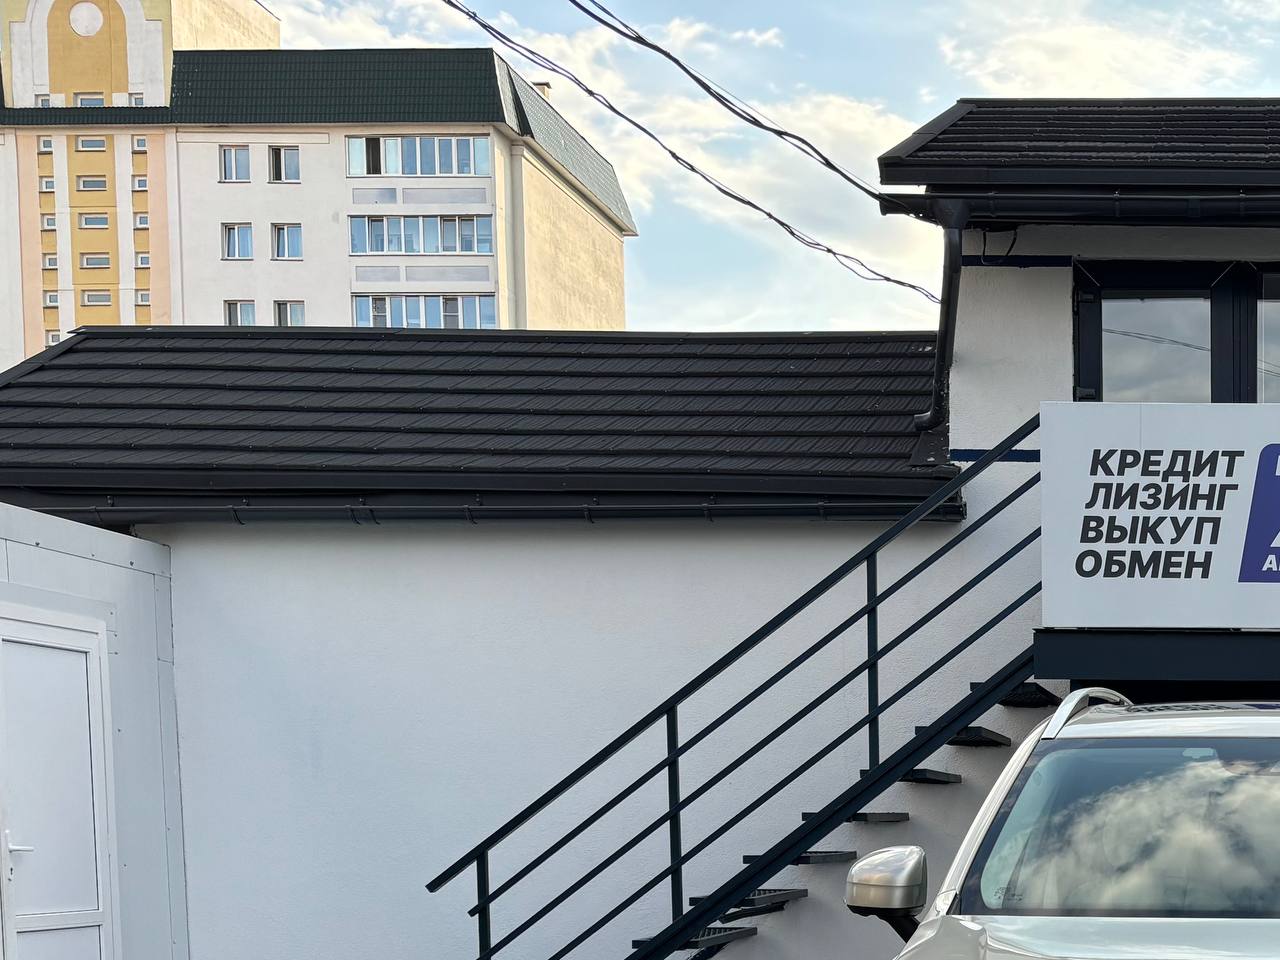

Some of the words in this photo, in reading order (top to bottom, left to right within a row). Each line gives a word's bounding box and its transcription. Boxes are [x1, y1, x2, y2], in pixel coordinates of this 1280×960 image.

[1089, 449, 1245, 482] КРЕДИТ
[1085, 483, 1238, 511] ЛИЗИНГ
[1079, 516, 1221, 545] ВЫКУП
[1074, 550, 1213, 579] ОБМЕН
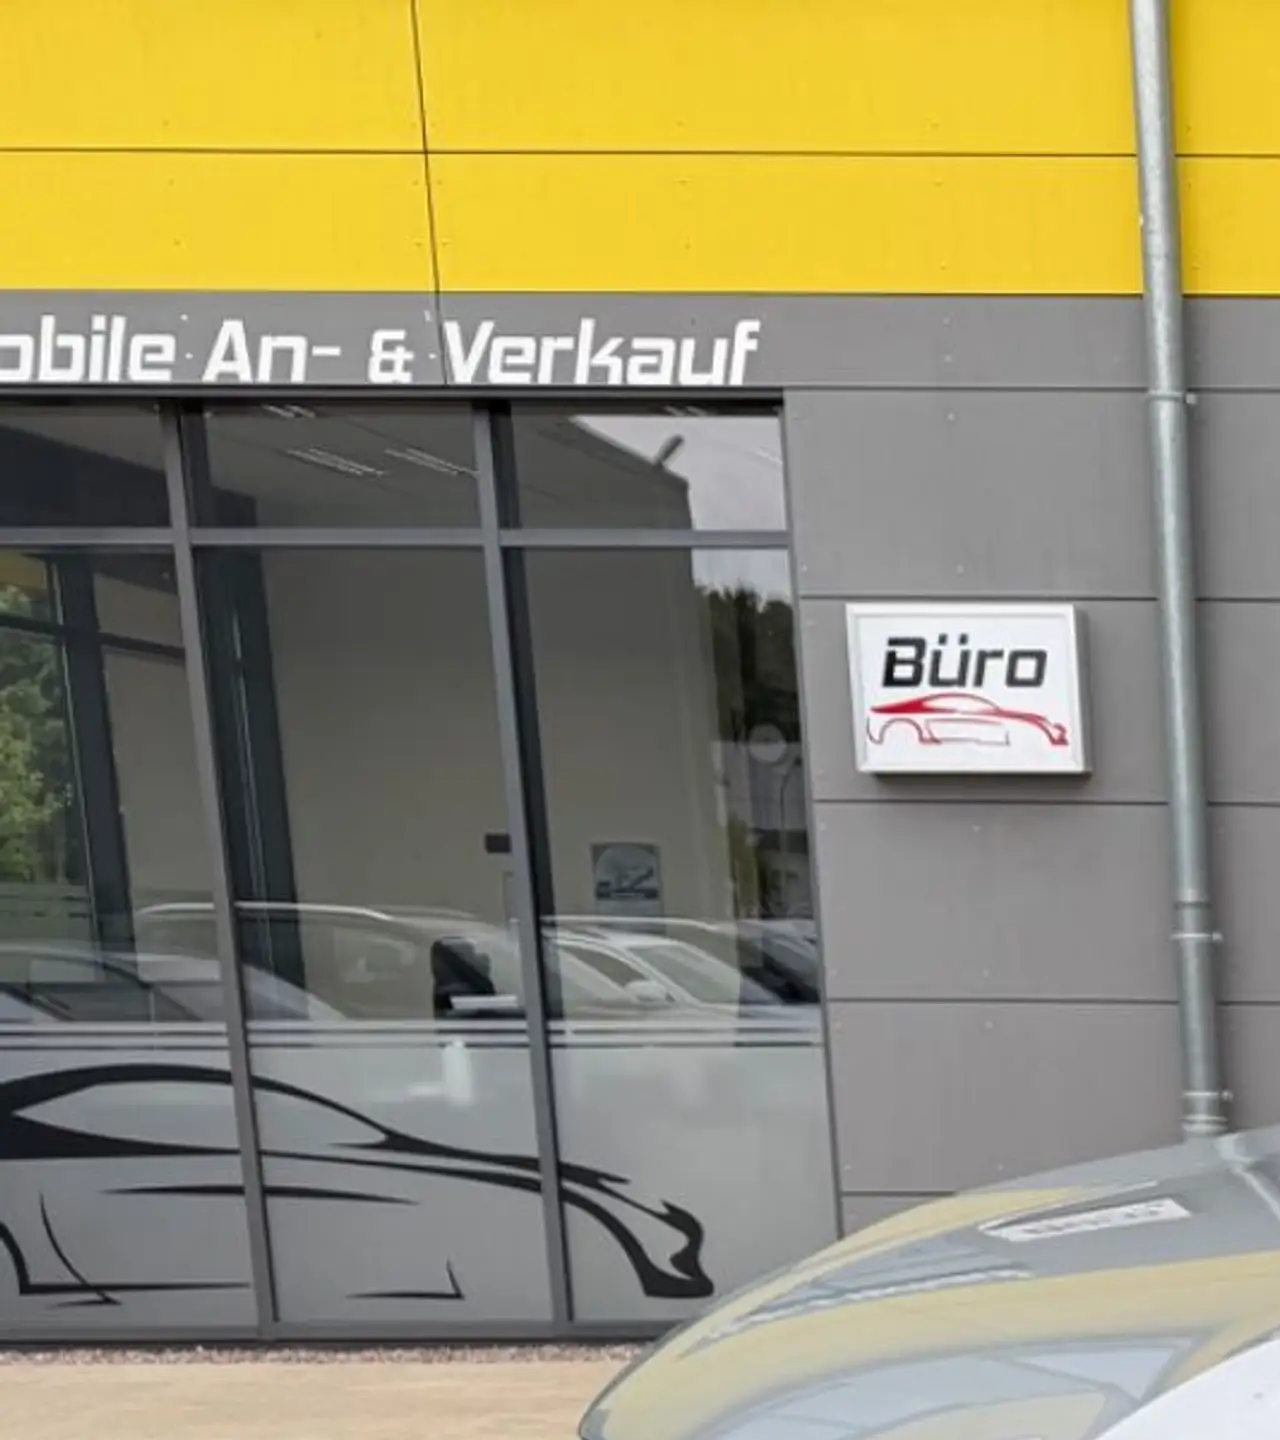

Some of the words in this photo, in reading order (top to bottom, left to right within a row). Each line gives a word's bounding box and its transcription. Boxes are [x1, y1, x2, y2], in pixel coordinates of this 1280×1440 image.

[0, 315, 176, 383] obile
[201, 319, 341, 384] An-
[367, 329, 415, 384] &
[443, 317, 761, 385] Verkauf
[881, 633, 1048, 688] Büro
※
**Your instructions:**
The copy must include every record exactly and none of the pictures.

**Solution to the problem:**
Some of the words in this photo, in reading order (top to bottom, left to right within a row). Each line gives a word's bounding box and its transcription. Boxes are [x1, y1, x2, y2], in pixel coordinates of this 1280×960 image.

[1089, 449, 1245, 482] КРЕДИТ
[1085, 483, 1238, 511] ЛИЗИНГ
[1079, 516, 1221, 545] ВЫКУП
[1074, 550, 1213, 579] ОБМЕН

Some of the words in this photo, in reading order (top to bottom, left to right within a row). Each line gives a word's bounding box and its transcription. Boxes are [x1, y1, x2, y2], in pixel coordinates of this 1280×1440 image.

[0, 315, 176, 383] obile
[201, 319, 341, 384] An-
[367, 329, 415, 384] &
[443, 317, 761, 385] Verkauf
[881, 633, 1048, 688] Büro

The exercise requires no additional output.